That time and almost every one since. “You are right.” Not that he understood why.

If his disappearance was such a hardship on his mother, surely she would not have dumped him at the orphanage in the first place? Nevertheless, she had not abandoned him entirely.

“She paid the orphanage to care for me.” He had discovered that when he made his first donation to the home long before he amassed his first million.

It was the reason he had contacted her later. Without the knowledge she had attempted to provide for him in some way, he did not think he ever would have. But nothing could have altered the path he had taken with his father.

“Are we going to see her while we are here?” Piper’s voice dripped with the emotion clouding her expression.

“No.”

“Of course, I’m sorry.” From looking on the verge of tears, Piper went to embarrassment in a single breath. “There’s no reason to take your friend to visit your mother.”

“It’s not that. She would like you.” How could she not? Piper was a very likable woman. “However, I have no intention of seeing my mother.”

“What? Why not? Surely we have time. Even if she lives on one of the islands. We can skip the sightseeing.”

“She lives in Athens. I bought her a house in Kifissia.” The distance between that district and the one he had been born in was measured in more than kilometers, though.

Piper’s brow furrowed. “According to the guidebook in our suite, that’s the elite part of town.”

“Is that what it said?”

“Well, as good as.”

“The book is right. The wealthy have inhabited Kifissia for generations.”

“And you bought your mother a house there.”

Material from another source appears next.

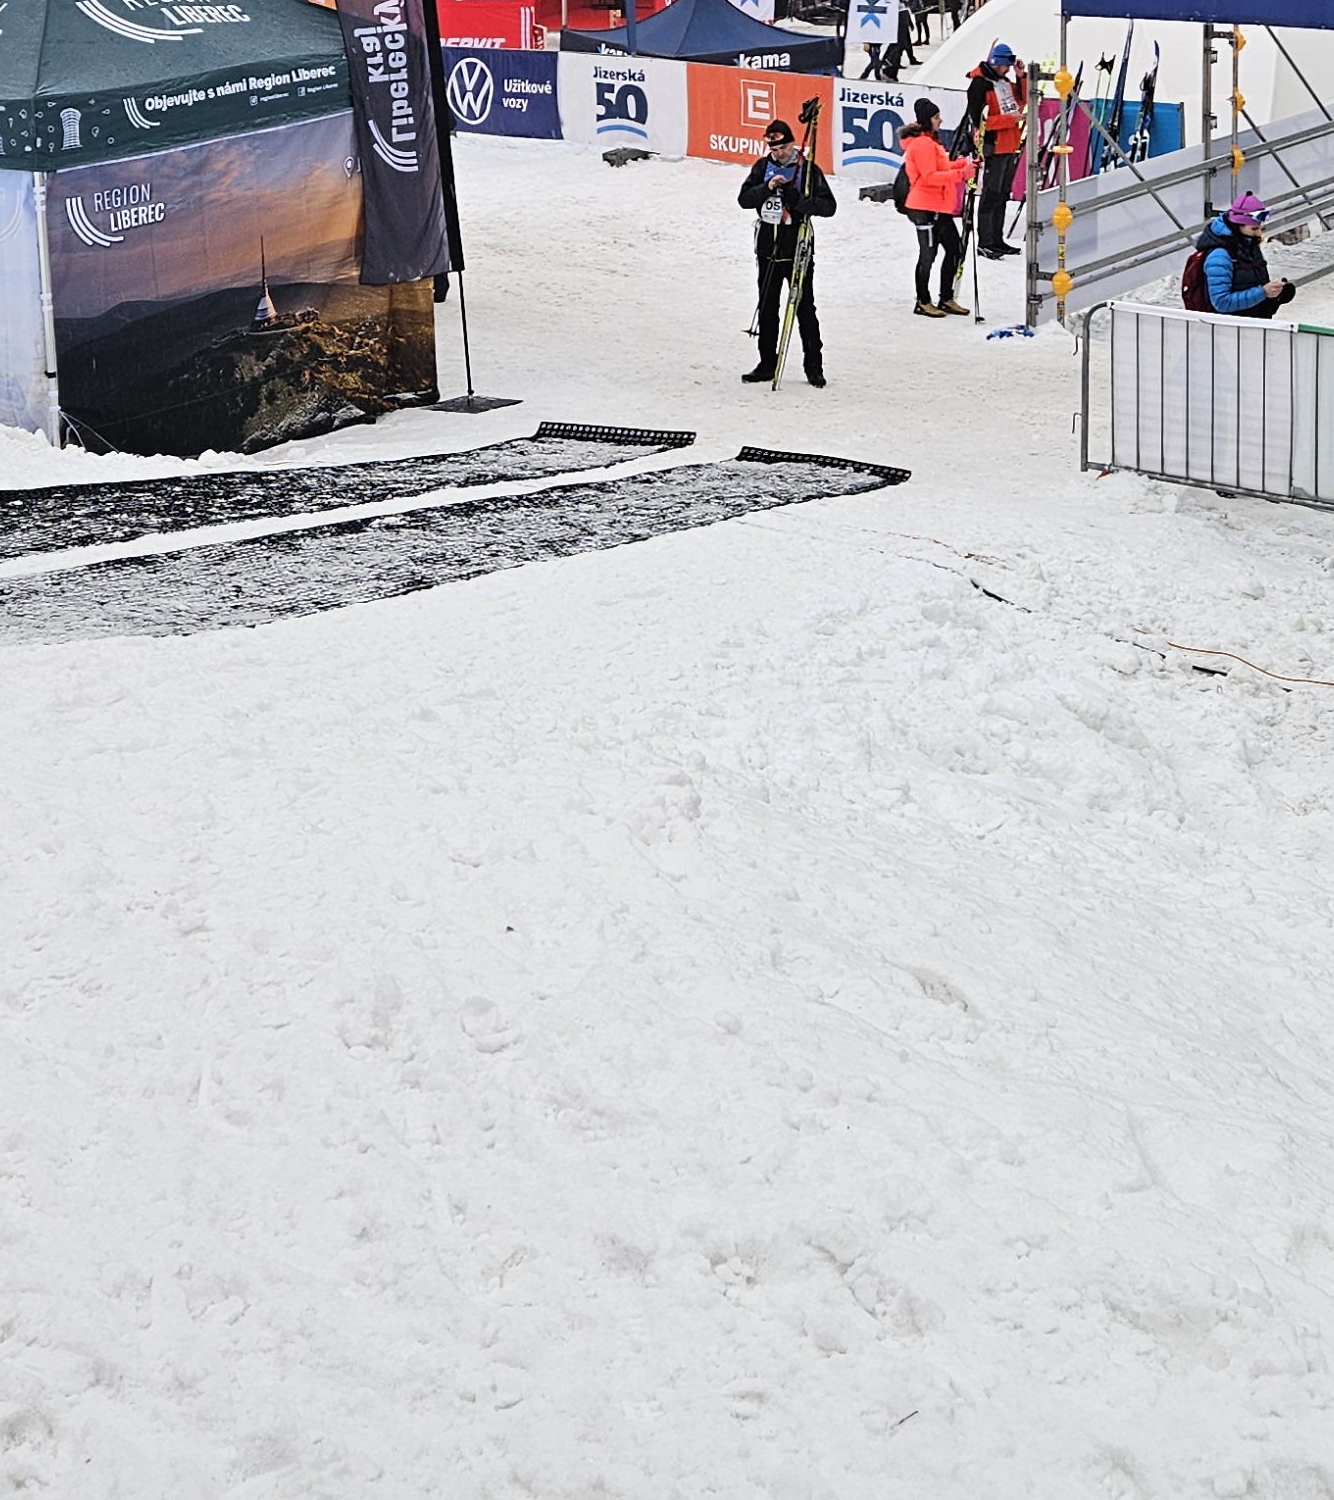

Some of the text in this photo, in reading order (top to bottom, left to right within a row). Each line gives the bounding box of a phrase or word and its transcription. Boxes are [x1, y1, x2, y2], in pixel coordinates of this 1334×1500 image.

He shrugged. What did Piper want him to say? He had wanted to give his mother a physical break from the past.

“Yet you are not going to visit her.”

“No,” he confirmed.

“But…”

“I have not seen her in more than twenty years, Piper.”

“But you said you spoke last month.” The confusion on Piper’s face was adorable.

He kissed her. Not passionately, but he could not resist the innocent incomprehension covering her features.

“It was her birthday. So, I spoke to her.”

“You call her once a year, on her birthday?” Piper guessed.

“Yes.” The year after he first reconnected with Leda, he had made the mistake of asking what she would like for her birthday.

He’d become too ingrained in American customs. And he’d wanted the excuse to give her something nice, something to show her and the man she had married that Zephyr wasn’t such a dead loss after all. He wasn’t a lame puppy to be abandoned.

But his mother hadn’t asked for a designer handbag, or a new television. She’d only wanted one thing. For Zephyr to call her once a year on her birthday, so she could know he was doing all right. She could follow his success in the papers now, but he still made that call.

Once a year.

“Does she call you?”

“I have asked her not to, unless there is a problem with my brother or sister.” Keeping his mother at a distance was necessary and he could not change that.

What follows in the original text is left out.